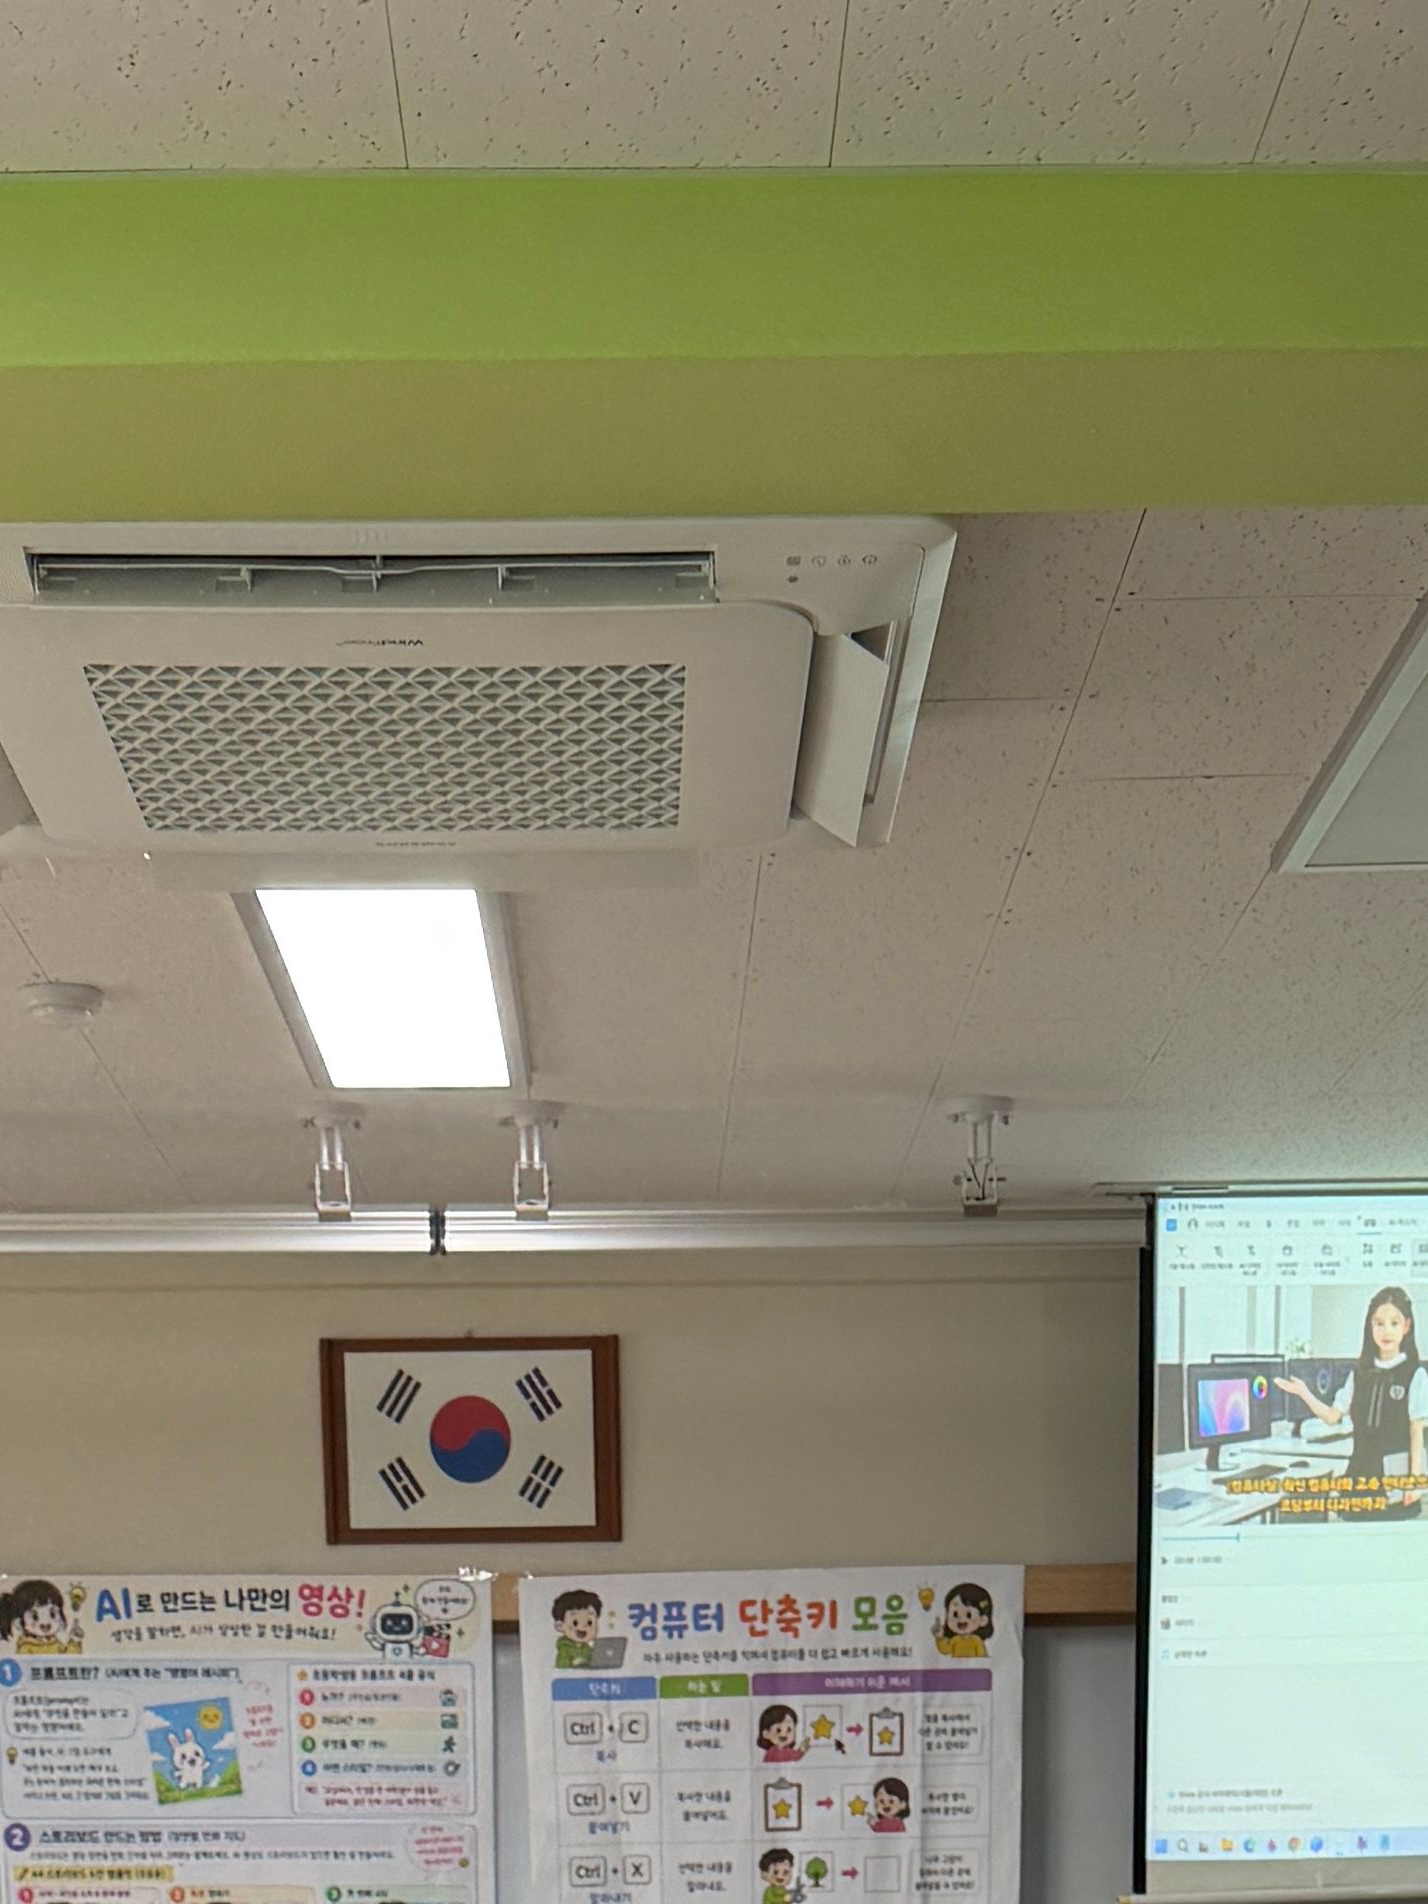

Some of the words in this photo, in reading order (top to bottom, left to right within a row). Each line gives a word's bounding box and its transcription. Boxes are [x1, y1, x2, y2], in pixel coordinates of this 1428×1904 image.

[95, 1586, 154, 1623] AI로
[160, 1590, 217, 1613] 만드는
[224, 1587, 290, 1613] 나만의
[297, 1583, 366, 1619] 영상!
[628, 1601, 725, 1641] 컴퓨터
[738, 1593, 838, 1639] 단축키
[851, 1594, 909, 1636] 모음
[570, 1722, 596, 1737] Ctrl
[627, 1719, 639, 1735] C
[573, 1793, 599, 1807] Ctrl
[629, 1791, 643, 1805] V
[575, 1865, 601, 1879] Ctrl
[630, 1862, 644, 1877] X

Exercise details :: Give the data above again in full and unchanged, skipping the pictures.

Written answer ::
Some of the words in this photo, in reading order (top to bottom, left to right within a row). Each line gives a word's bounding box and its transcription. Boxes are [x1, y1, x2, y2], in pixel coordinates of this 1428×1904 image.

[95, 1586, 154, 1623] AI로
[160, 1590, 217, 1613] 만드는
[224, 1587, 290, 1613] 나만의
[297, 1583, 366, 1619] 영상!
[628, 1601, 725, 1641] 컴퓨터
[738, 1593, 838, 1639] 단축키
[851, 1594, 909, 1636] 모음
[570, 1722, 596, 1737] Ctrl
[627, 1719, 639, 1735] C
[573, 1793, 599, 1807] Ctrl
[629, 1791, 643, 1805] V
[575, 1865, 601, 1879] Ctrl
[630, 1862, 644, 1877] X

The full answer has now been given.